(Stored data entries)
'''
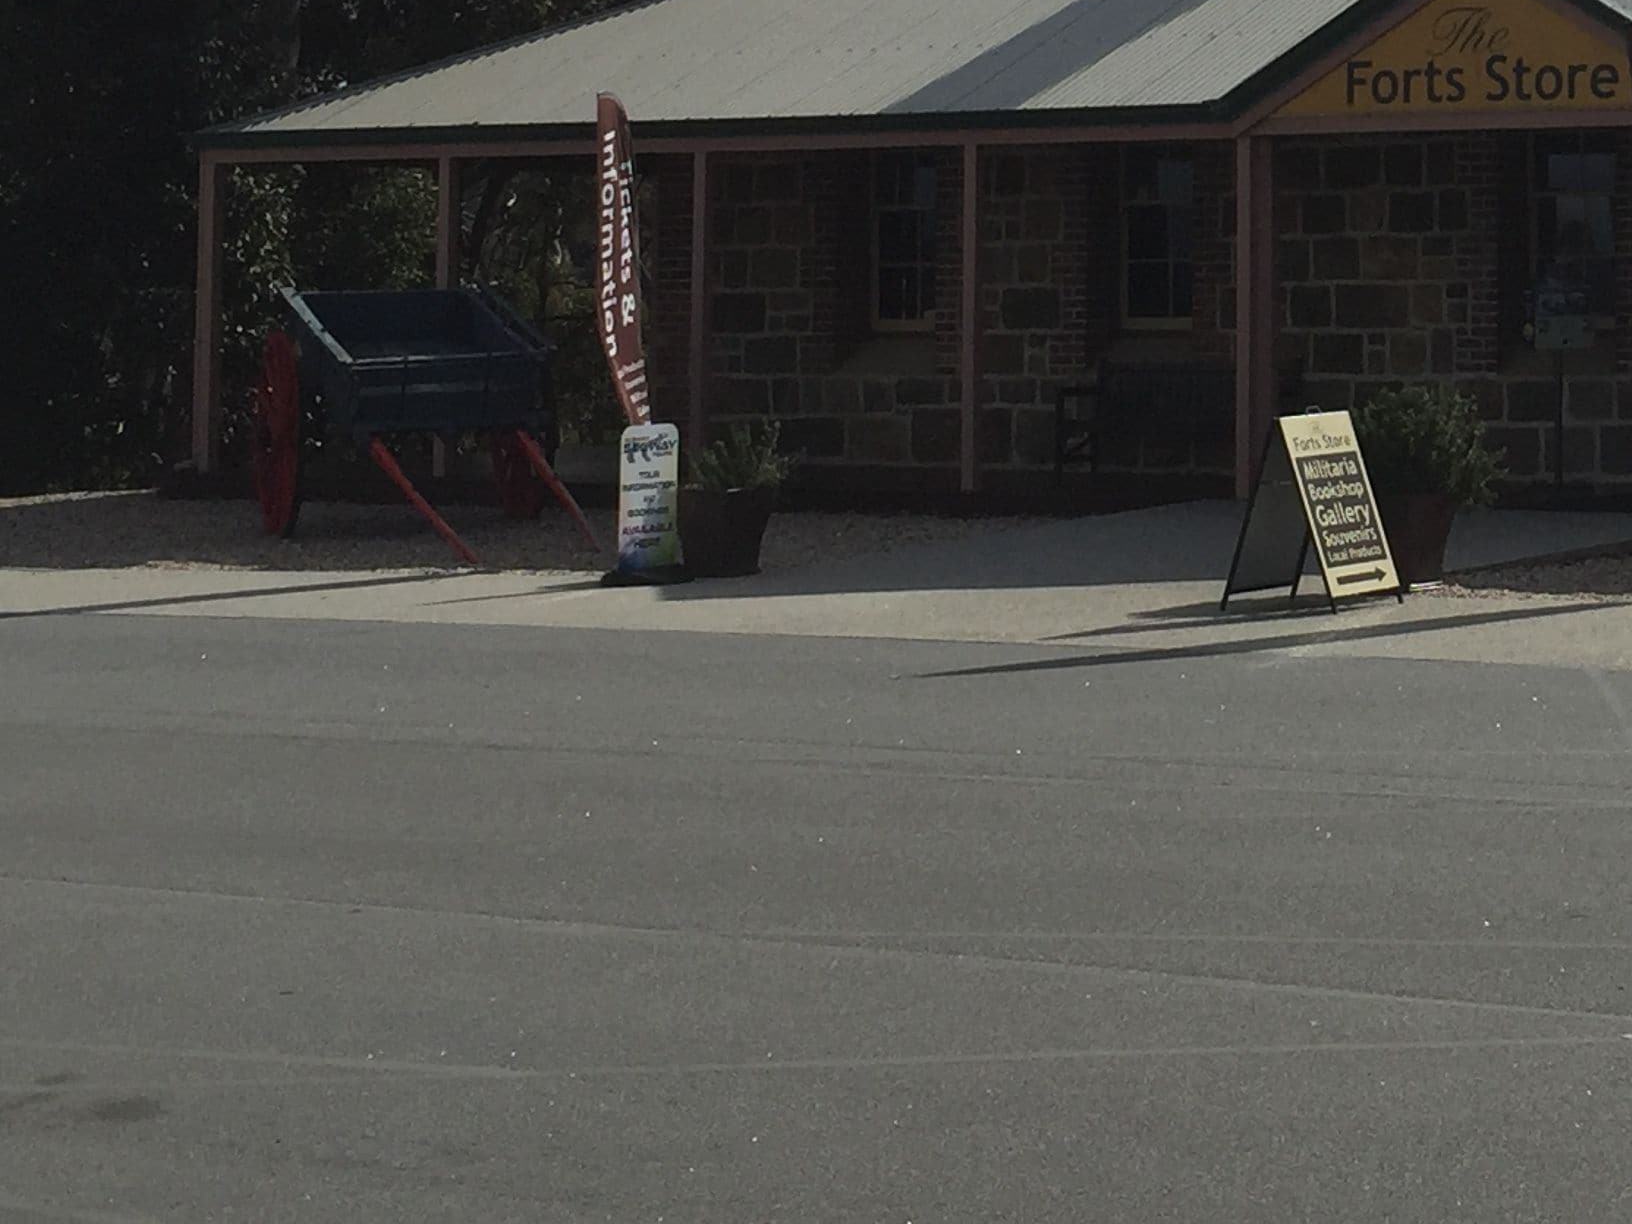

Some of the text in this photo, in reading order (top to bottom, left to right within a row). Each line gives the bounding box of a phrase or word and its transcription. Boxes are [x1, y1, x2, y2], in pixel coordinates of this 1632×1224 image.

[1426, 7, 1510, 57] The
[1346, 54, 1620, 106] Forts Store
[602, 129, 618, 358] Information
[1293, 434, 1352, 452] Forts Store
[1303, 457, 1358, 480] Militaria
[1308, 480, 1365, 501] Bookshop
[1316, 501, 1370, 527] Gallery
[1322, 525, 1377, 547] Souvenirs
[1327, 545, 1382, 562] Local Products
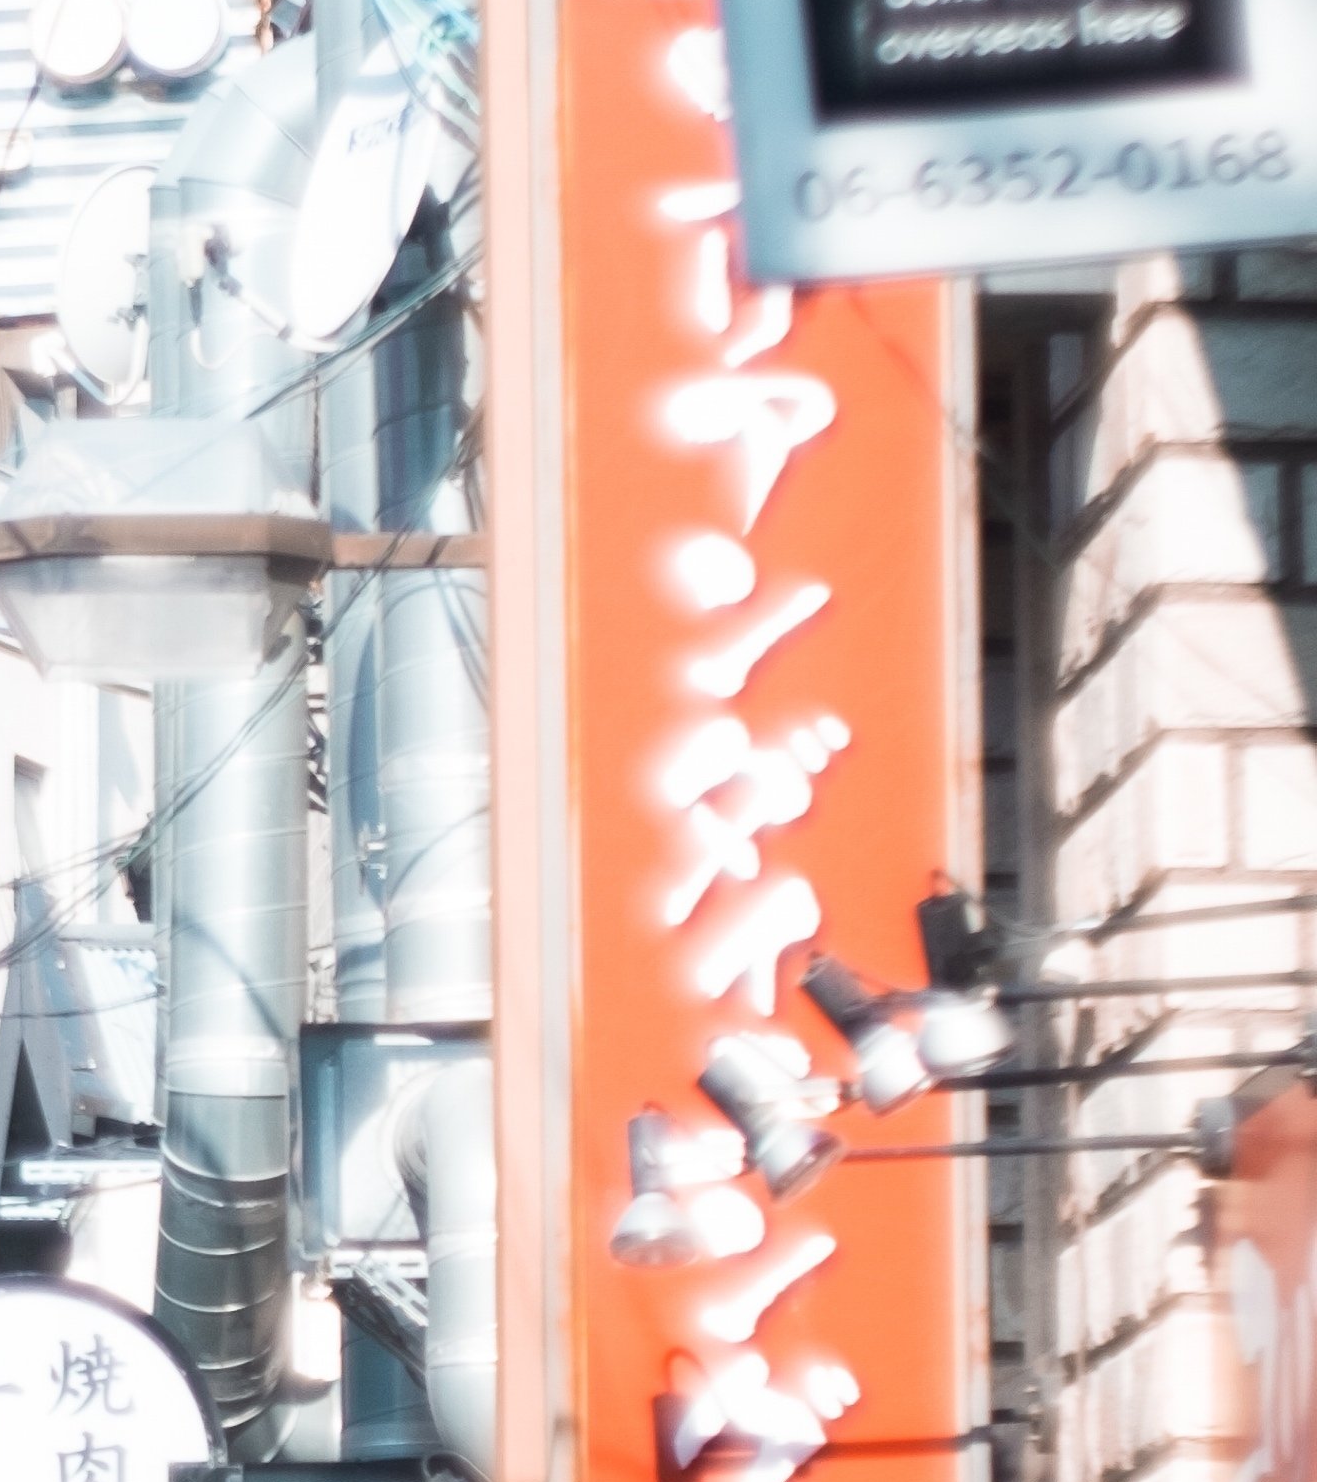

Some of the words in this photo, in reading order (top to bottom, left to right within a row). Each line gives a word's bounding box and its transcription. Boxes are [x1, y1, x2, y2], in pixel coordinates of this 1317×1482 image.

[875, 18, 1075, 66] overseas
[1078, 0, 1191, 47] here
[794, 128, 1293, 222] 06-6352-0168
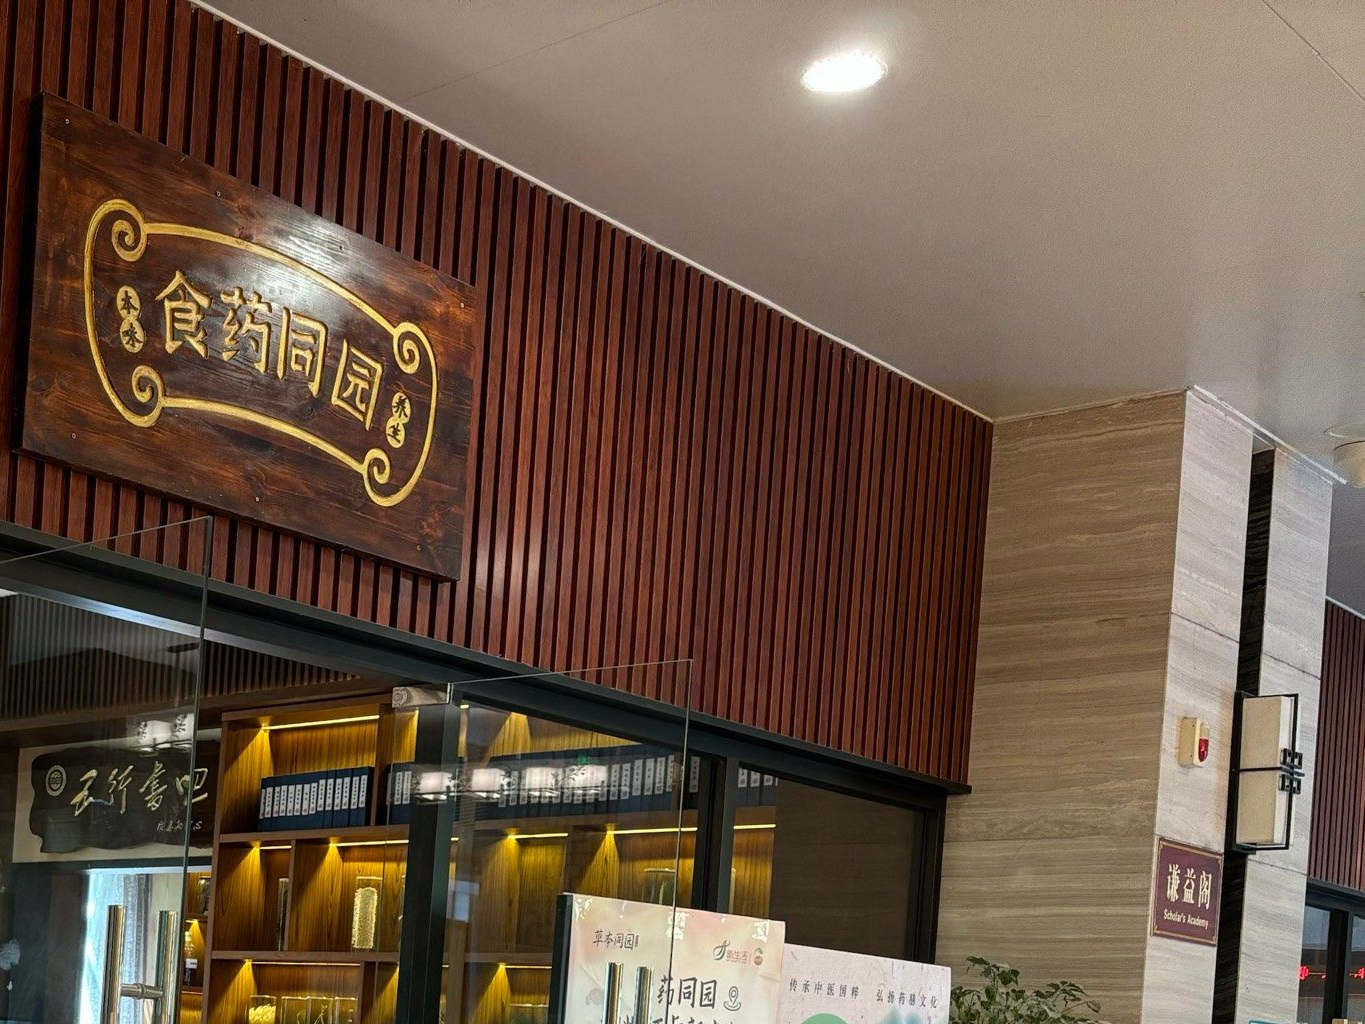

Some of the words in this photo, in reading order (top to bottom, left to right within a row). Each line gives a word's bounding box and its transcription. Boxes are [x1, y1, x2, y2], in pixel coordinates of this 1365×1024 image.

[155, 270, 383, 431] 食药同园
[1165, 863, 1212, 910] 谦益阁
[1163, 908, 1186, 923] Scholar's
[1186, 913, 1209, 930] Academy
[592, 930, 635, 950] 草本同园
[789, 978, 859, 998] 传承中医国粹
[876, 989, 938, 1009] 弘扬药膳文化
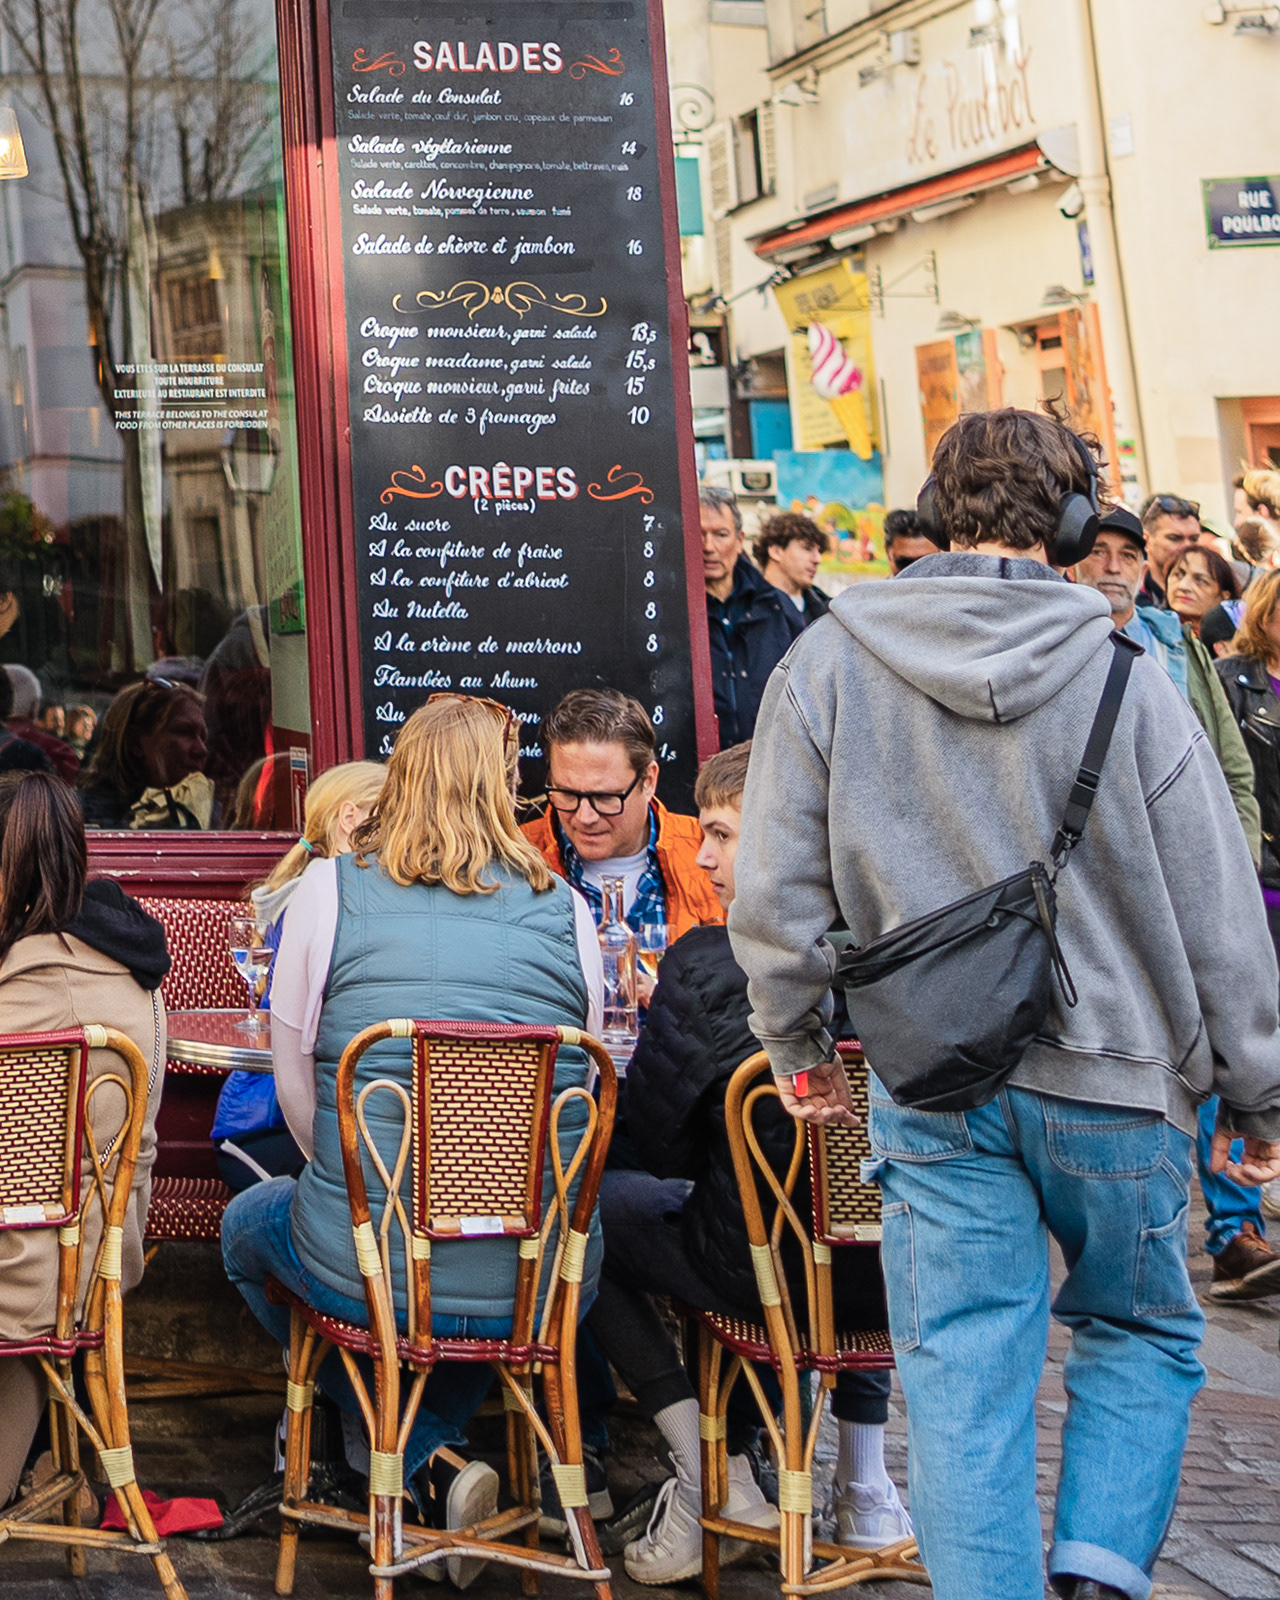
'''
# INSTRUCTIONS TO FOLLOW:
In your copy, reproduce the data above exactly and skip every picture.

# EXERCISE RESPONSE:
Some of the text in this photo, in reading order (top to bottom, left to right within a row). Each line gives the bounding box of a phrase or word and its transcription. Boxes are [x1, y1, x2, y2], in pixel coordinates of this 1632×1224 image.

[1426, 7, 1510, 57] The
[1346, 54, 1620, 106] Forts Store
[602, 129, 618, 358] Information
[1293, 434, 1352, 452] Forts Store
[1303, 457, 1358, 480] Militaria
[1308, 480, 1365, 501] Bookshop
[1316, 501, 1370, 527] Gallery
[1322, 525, 1377, 547] Souvenirs
[1327, 545, 1382, 562] Local Products

Some of the words in this photo, in reading order (top to bottom, left to right within a row). Each line gives a word's bounding box and its transcription. Boxes are [x1, y1, x2, y2], in pixel coordinates of this 1317×1482 image.

[875, 18, 1075, 66] overseas
[1078, 0, 1191, 47] here
[794, 128, 1293, 222] 06-6352-0168

Some of the words in this photo, in reading order (top to bottom, left to right within a row). Each line gives a word's bounding box and its transcription. Boxes are [x1, y1, x2, y2], in pixel coordinates of this 1365×1024 image.

[155, 270, 383, 431] 食药同园
[1165, 863, 1212, 910] 谦益阁
[1163, 908, 1186, 923] Scholar's
[1186, 913, 1209, 930] Academy
[592, 930, 635, 950] 草本同园
[789, 978, 859, 998] 传承中医国粹
[876, 989, 938, 1009] 弘扬药膳文化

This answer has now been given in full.